Howard Taylor 1918 - 2001 WA Howard Taylor, a painter and sculptor of the natural sublime - austere, and mostly abstract - died in Perth on 19 July 2001, aged 82, working to the end. Bruce James in 1999, reviewing an exhibition, considered that after the death of the very different and very erratic Arthur Boyd, he was Australia's best living artist.
Too little known outside Western Australia, he was adored there. The Art Gallery of WA owns 281 works (216 being his sculpture maquettes, given by the artist), the Holmes à Court collection 33, and Kerry Stokes ten. Magda and Douglas Sheerer in 1995 built beautiful new premises for their Galerie Düsseldorf, better to display his light-and-space-hungry installations. In 1989 Parliament House, Perth, commissioned a major wood sculpture as a gift for New Parliament House, Canberra. In 1998 he was designated a State Living Treasure.
His stature had been fully revealed in 1985 by curator Gary Dufour’s major retrospective at the Art Gallery of WA. The Australia Council’s Visual Arts Board promptly created its Emeritus Awards for inadequately-appreciated senior artists, and gave the first to Howard Taylor. There were 30 solo exhibitions 1949–2000, 46 group exhibitions 1949–2001, fourteen major public art commissions 1960–89 (which kept him away from exhibition work in the 60s and 70s) and constant part-time art-teaching, 1951–70, at night classes to keep his days free for art-making.
Phenomena: New painting in Australia 1, at the Art Gallery of NSW when he died, positioned Taylor as Australia’s best abstract painter for 2001, the touchstone for a moment when both abstract art and the medium of painting seemed to curator Michael Wardell to be re-entering avant-garde practice. Benjamin Genocchio raved; beyond super-subtle abstraction there was "masterful interpretation of landscape... real emotion, mystery... climactic ecstasy".
Only two solo shows were away from hometown Perth. Annandale Galleries, Sydney, 1999, produced Bruce James’s highest evaluation. In 1978 at Coventry, Sydney, the other was organised by British painter Bridget Riley, one of many fellow-artist enthusiasts. The quiet paintings and columnar wood sculptures were reviewed by Nancy Borlase under the heading 'The mystic West’. He resisted talk about the mystic or the spiritual. Instead he spoke of scientific optical phenomena: after-images, halation, reversal, spinning, glare. Only grudgingly, deep inside Ted Snell’s 1995 book Howard Taylor: Forest Figure, after insisting his art “is the result of practical procedures” Taylor conceded that “when not this, [it] is simply the old fumble... The more intangible aspects are not encouraged... suspect - known [but] kept quiet”.

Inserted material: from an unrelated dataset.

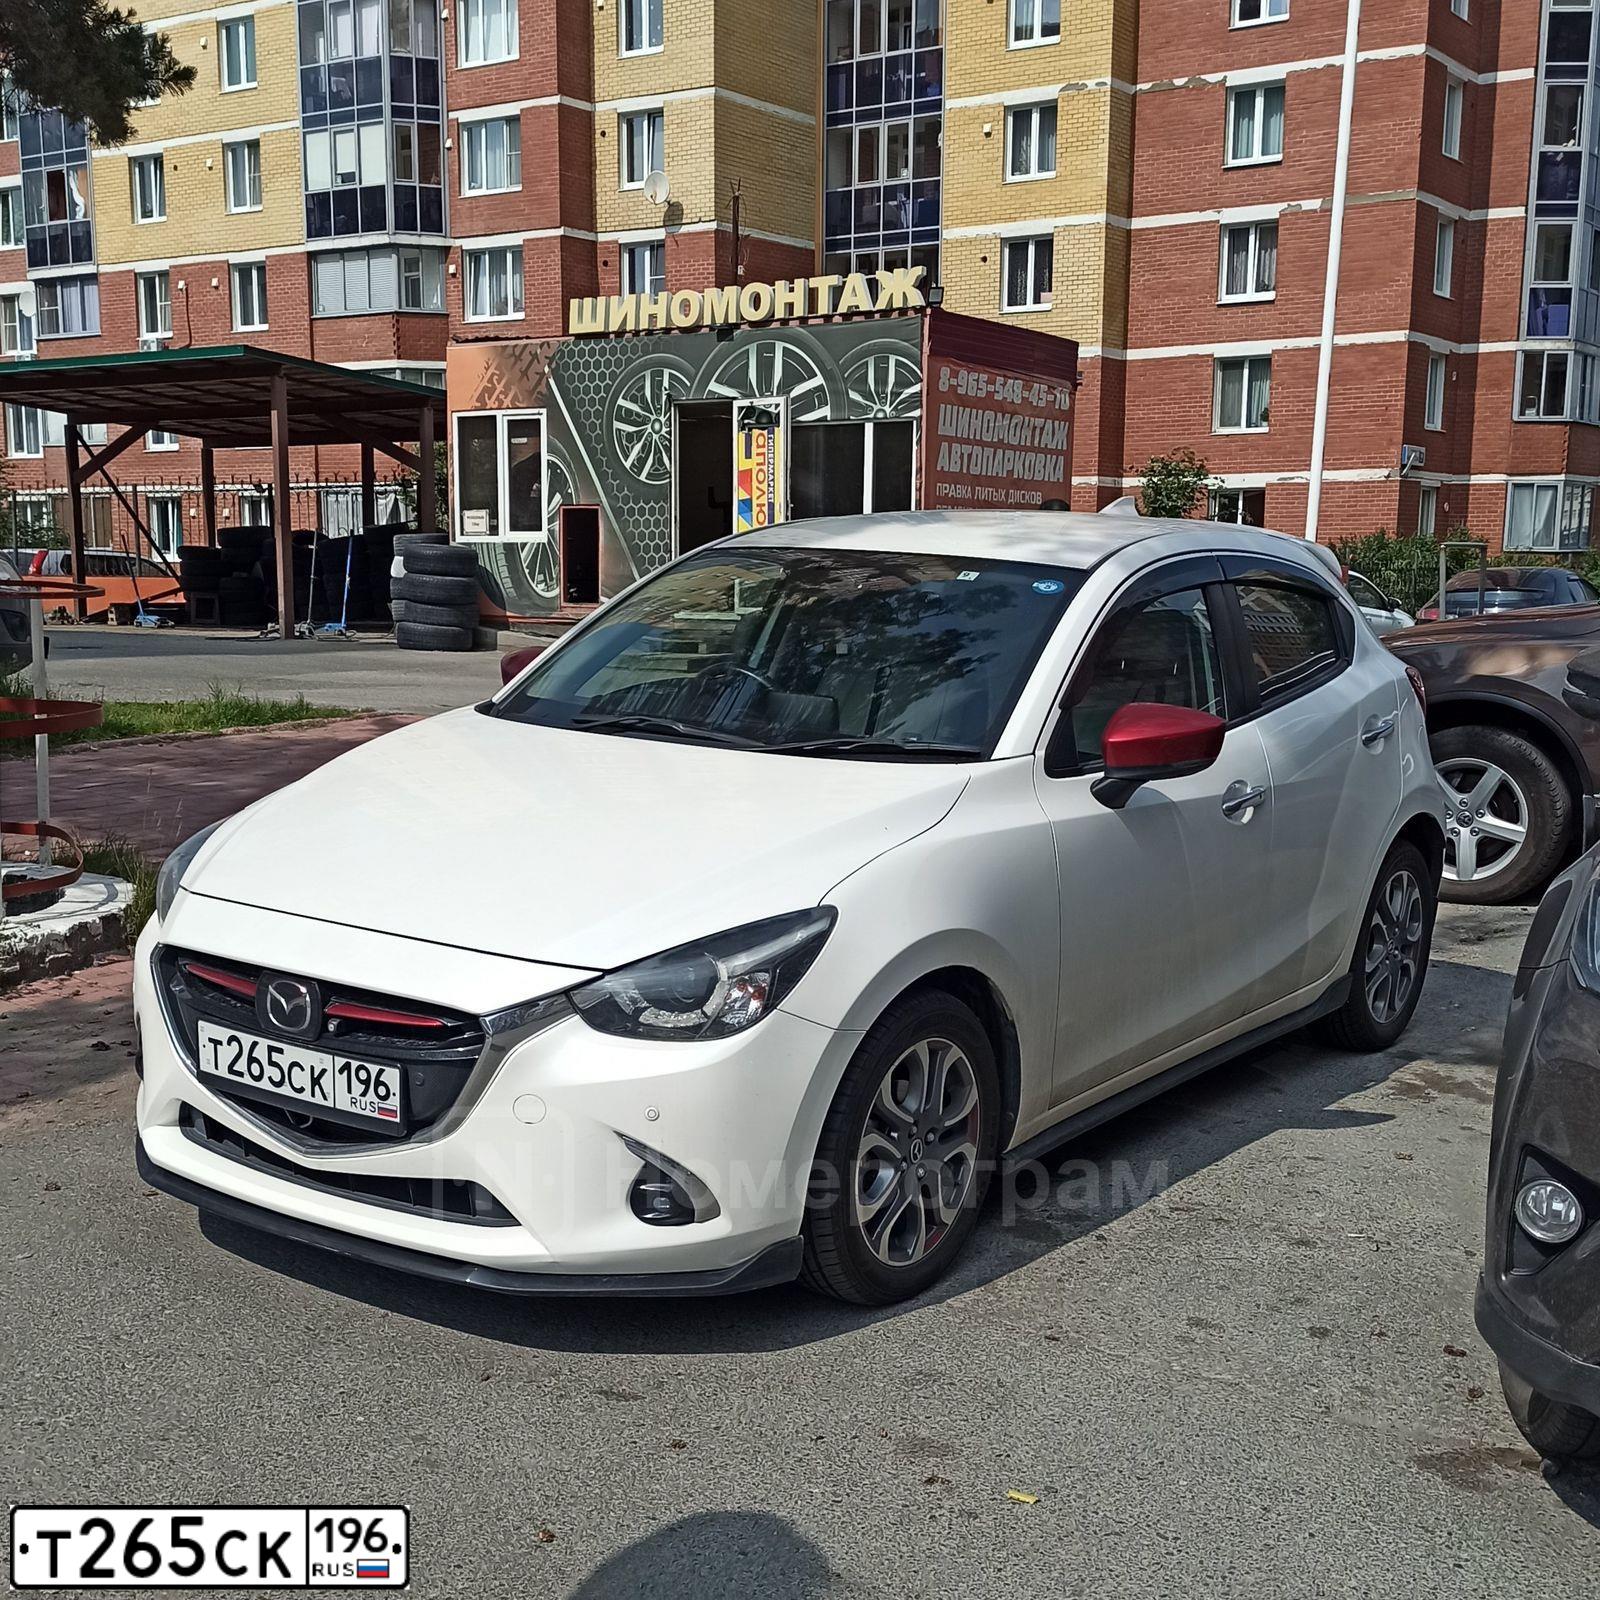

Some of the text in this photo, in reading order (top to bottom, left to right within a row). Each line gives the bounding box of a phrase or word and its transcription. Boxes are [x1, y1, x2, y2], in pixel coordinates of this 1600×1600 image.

Childhood was in Adelaide; the boy of thirteen disapproved of his father who had trained as an architect, going west in 1932 and going spiritual, as a minister of religion in Perth. Young Howard liked intricate machinery, made model aircraft, and enlisted in the Royal Australian Air Force in 1937. Graduating top of his class, he was transferred to Britain, shot down in 1940 over Europe, and spent five years incarcerated in German camps. To fill the days he made life-drawings of his fellow-prisoners, and the extremely sight-conscious airman started turning into an artist of intensely place-based visuality.
The modest bush at Bickley, outside Perth, entered his art from 1949, which is when he returned from post-war study at the Birmingham College of Art. In 1967 he shifted 400 km to a more extraordinary place, living at Northcliffe in giant karri-forest country, but only a short drive from wild, bald granite coastland facing the Southern Ocean, and a sometimes sinister sun.
In England he had been aware of the best painter of the time, Paul Nash, and his sacred-grove landscapes. Taylor’s Australian art parallels Nash’s but is more interesting; it embraces the figure. For example, in the painting Double self-portrait, 1959, arms are raised to become aircraft wings, shirt stretched to become tree-trunk woodgrain while an eye framed by fingers forcibly emphasises that works of art, or trees, might look back and scrutinise us, on their terms. Forest figure, 1977, repeats the theme in a wall-hung painted sculpture: a red-veined green tree yearns to be human, and then to fly. Weathered jarrah, 1998, a bilateral pair of found-object timbers, further revisits the theme of a winged forest-figure. Maybe not Christian-religious for his father, Taylor’s art swells with feeling for the sacredness of nature - extreme particularity of place signifying the universe - and for the necessity of devotional, daily work in an artist’s studio.